I only say no tv, computer or game system because we have a ginormous tv, Wii and computer in our fmaily room. That's where we play board games too.

I think I'm trying to focus on more quiet play or together play (they've been bickering like mad). Or maybe I just want a room to dump their toys and shut the door, LOL.

*Ruthla* - so jealous about the teherball!

*redveg* - karaoke is a GREAT idea!

I think this house is too big


----------



## MusicianDad (Jun 24, 2008)

I say, you sit down with them and see what they want in the room. Just let them know the tv/computer/video stuff doesn't go in there and you won't do anything expensive.

Shelving is a must though, but you probably know that. You need a place to store the toys and games so it doesn't turn into one big mess.


----------



## guest^ (Oct 29, 2002)

Complete art/craft center

Music area(cd player,microphone,instruments,mirror(







),sp eakers,cds.

Board game area

large rainbow silky hanging from ceiling(for effects!)

fort area....we started out with a vinyl pink castle,got rid of it, and now have a huge box that the DC decorated by themselves-one side is a police station,another a fire station,another a school front,and the other a beauty parlor.It's all the same.









special interest areas...IOW...area for playing with favorite things.

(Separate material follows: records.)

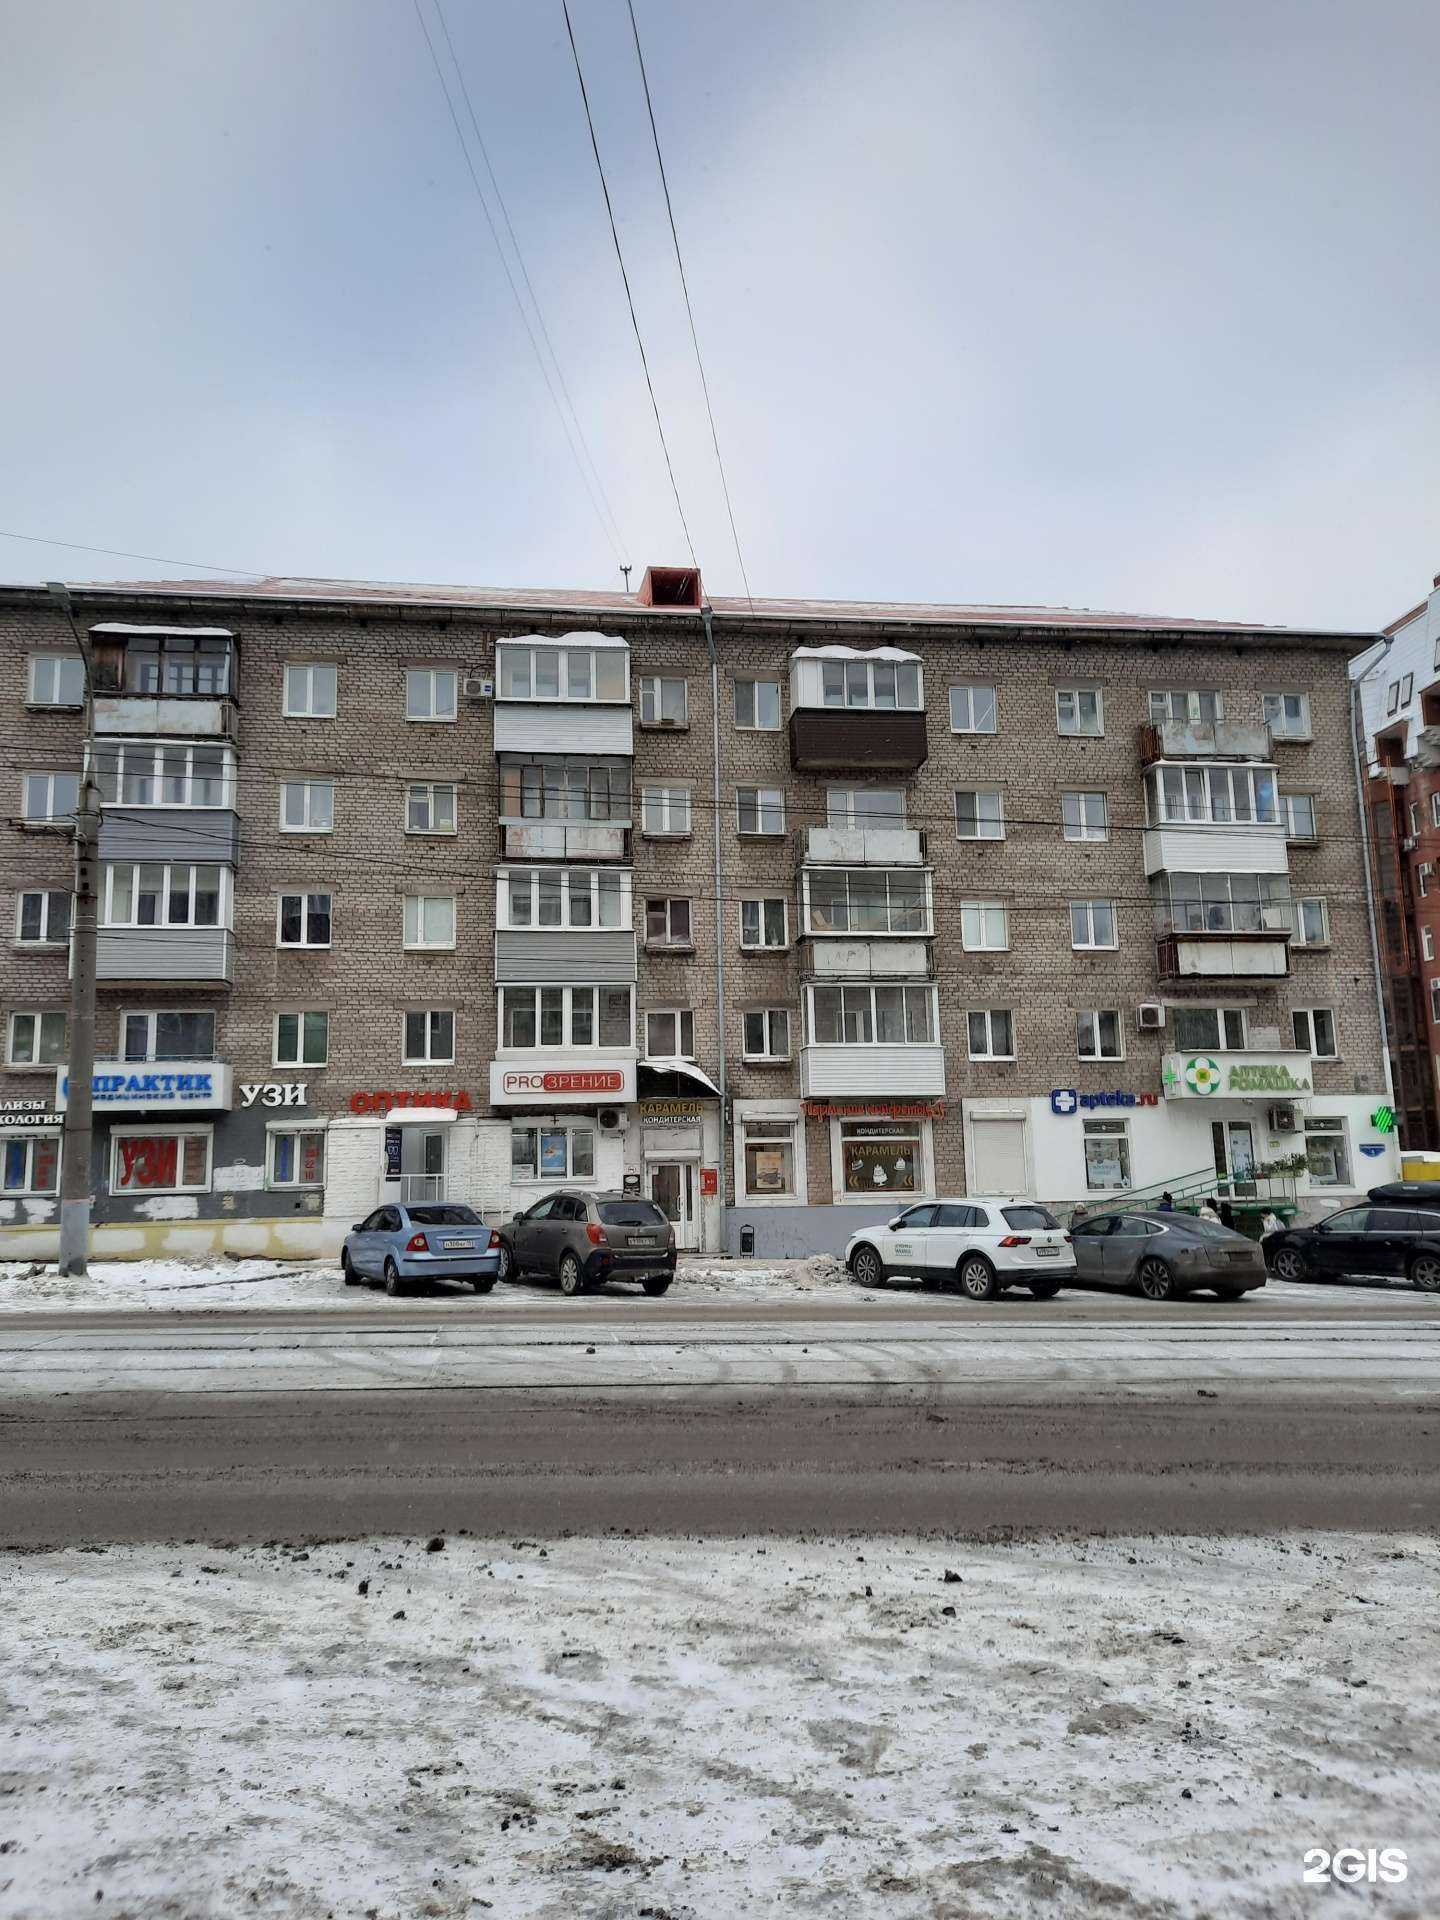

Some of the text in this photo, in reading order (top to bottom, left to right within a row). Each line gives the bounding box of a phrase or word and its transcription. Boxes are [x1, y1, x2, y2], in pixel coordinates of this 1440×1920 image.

[1229, 1065, 1290, 1079] АПТЕКА
[92, 1074, 212, 1092] ПРАКТИК
[506, 1074, 618, 1089] PROЗРЕНИЕ
[1229, 1077, 1311, 1092] РОМАШКА
[239, 1083, 308, 1107] УЗИ
[351, 1089, 472, 1114] ОПТИКА
[1080, 1090, 1159, 1110] apteka.ru
[0, 1100, 46, 1111] ЛИЗЫ
[640, 1102, 704, 1115] КАРАМЕЛЬ
[643, 1115, 701, 1124] КОНДИТЕРСКАЯ
[856, 1127, 905, 1135] КОНДИТЕРСКАЯ
[851, 1143, 911, 1157] КАРАМЕЛЬ
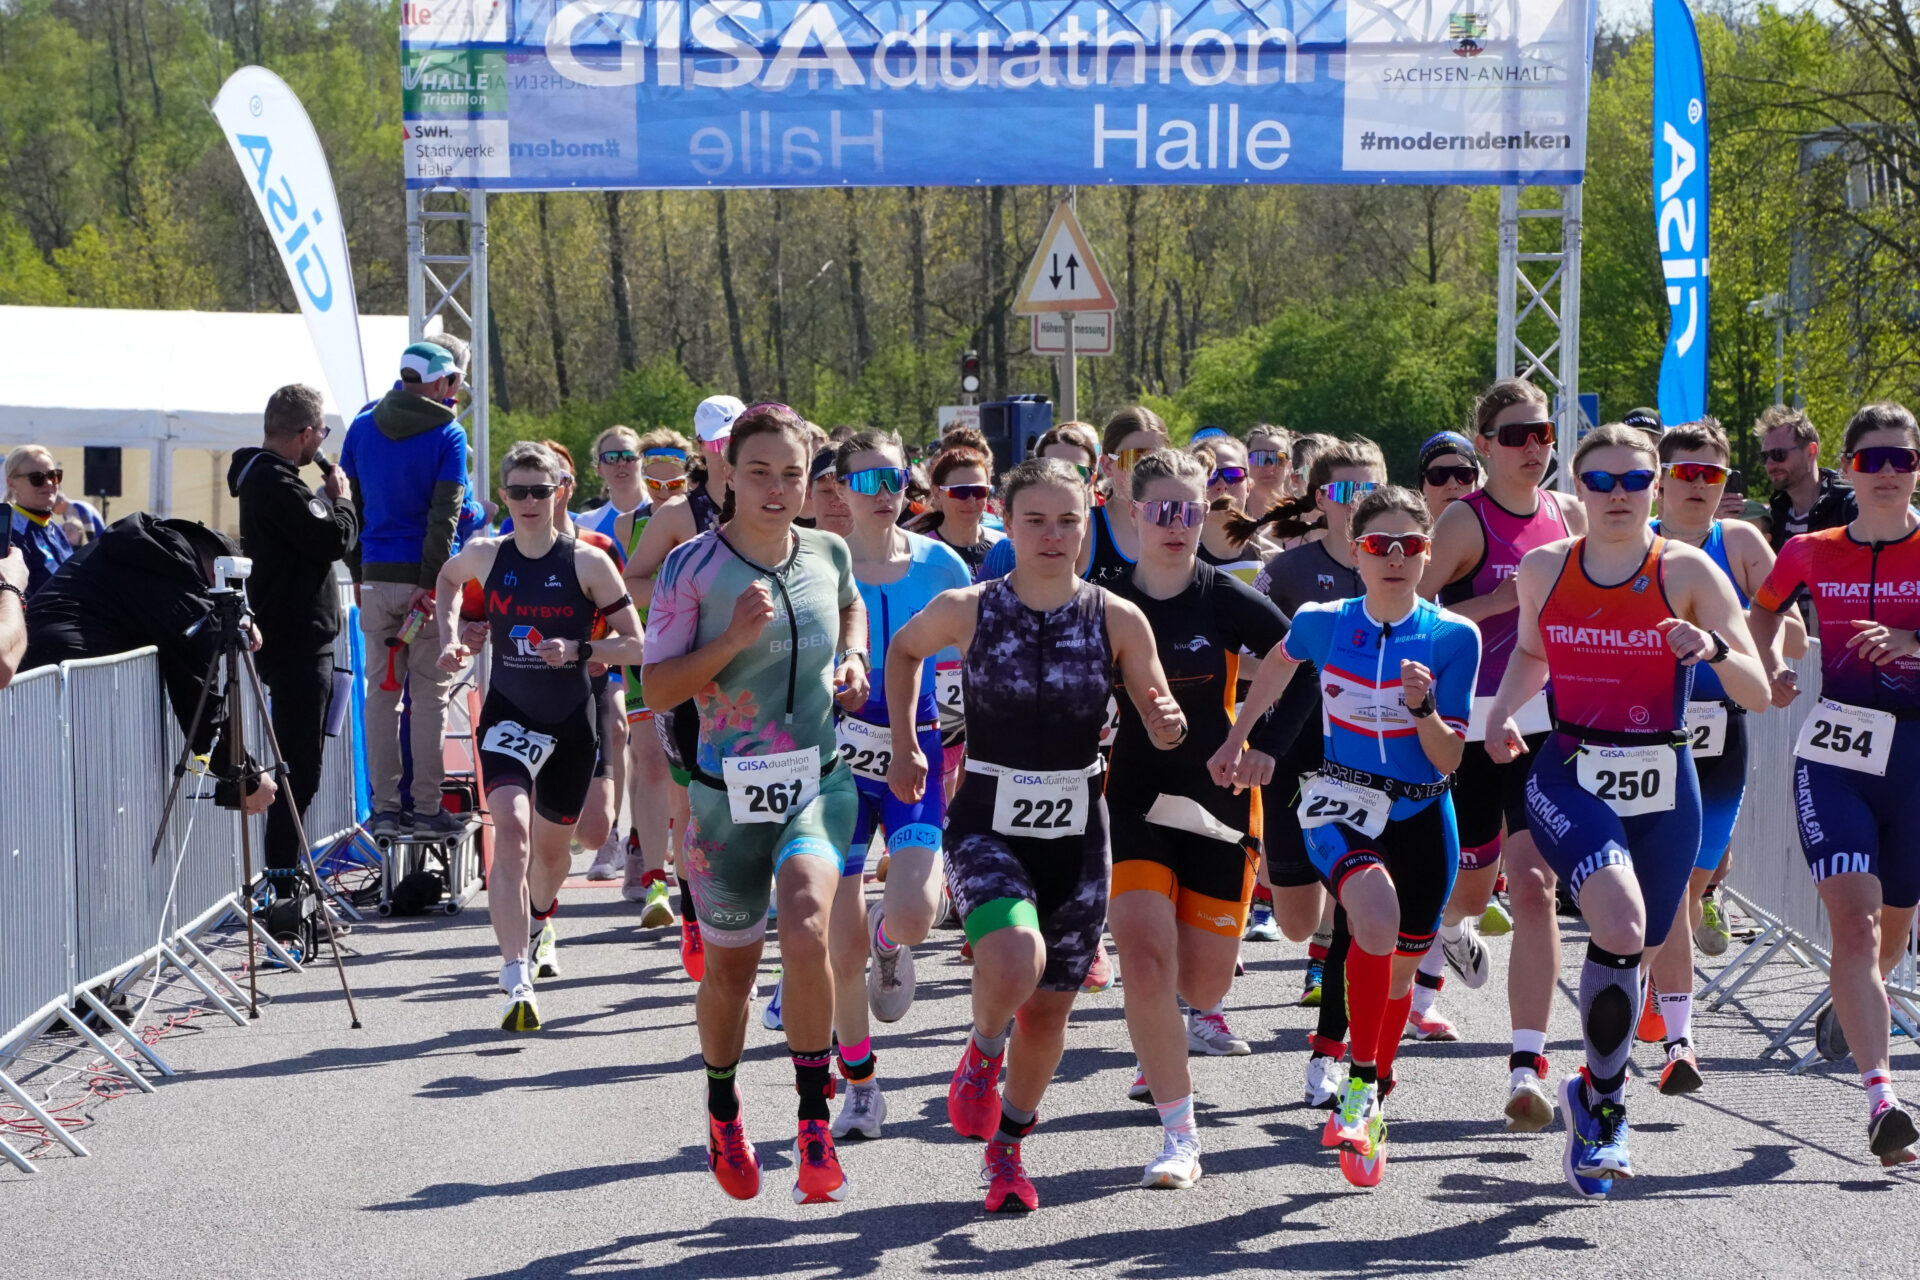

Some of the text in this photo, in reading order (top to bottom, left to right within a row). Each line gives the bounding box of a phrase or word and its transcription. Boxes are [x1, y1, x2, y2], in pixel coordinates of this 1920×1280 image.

[422, 73, 489, 90] HALLE
[1383, 66, 1552, 82] SACHSEN-ANHALT
[422, 92, 487, 105] Triathlon
[415, 125, 453, 138] SWH.
[1093, 103, 1292, 170] Halle
[1360, 131, 1571, 151] #moderndenken
[416, 145, 495, 158] Stadtwerke
[417, 164, 454, 177] Halle
[516, 605, 574, 618] NYBYG
[1056, 639, 1086, 648] BIORACER
[1546, 625, 1662, 648] TRIATHLON
[1573, 647, 1620, 655] INTELLIGENT
[847, 722, 891, 739] GISAduath
[1692, 726, 1711, 750] 2
[1810, 720, 1873, 758] 254
[497, 732, 543, 765] 220
[1600, 749, 1659, 758] GISAduathlon
[737, 756, 809, 771] GISAduathlon
[840, 743, 892, 777] 223
[790, 765, 809, 775] Halle
[1013, 774, 1081, 785] GISAduathlon
[1596, 769, 1660, 800] 250
[1358, 795, 1377, 807] Halle
[1011, 798, 1073, 829] 222
[1307, 795, 1369, 828] 224

Fun posters,DC artwork,maps,etc...on walls

I would google family fun for ideas,check out mags from library for ideas.

HTH! Have fun!!

mp


----------



## ziggy (Feb 8, 2007)

A hammock!

I was SO jealous of my cousins with their hammock inside. *sigh*


----------



## SAHDS (Mar 28, 2008)

Thanks, turning it into a fun/funky lounge area does sound great (LOVE the hammocks idea! I like the hanging chairs from IKEA too, but I'm not sure if they're durable and safe!) Maybe I'll move their books and the board games up there too. The music idea sounds awesome too, they love their CD players and dancing plus DS wants to learn to play the guitar and DD can have a keyboard up there (I doubt the piano would fit, LOL). I'll also move the not-so-messy crafts into there also (beadwork, knitting, embroidery).

Yes, shelving is a must. I'm looking into functional storage, like toy box benches and such.

Any ideas on fun decor? I know of IKEA, but is there anywhere else that has fun art, rugs, curtains? I want to make it fun and hip.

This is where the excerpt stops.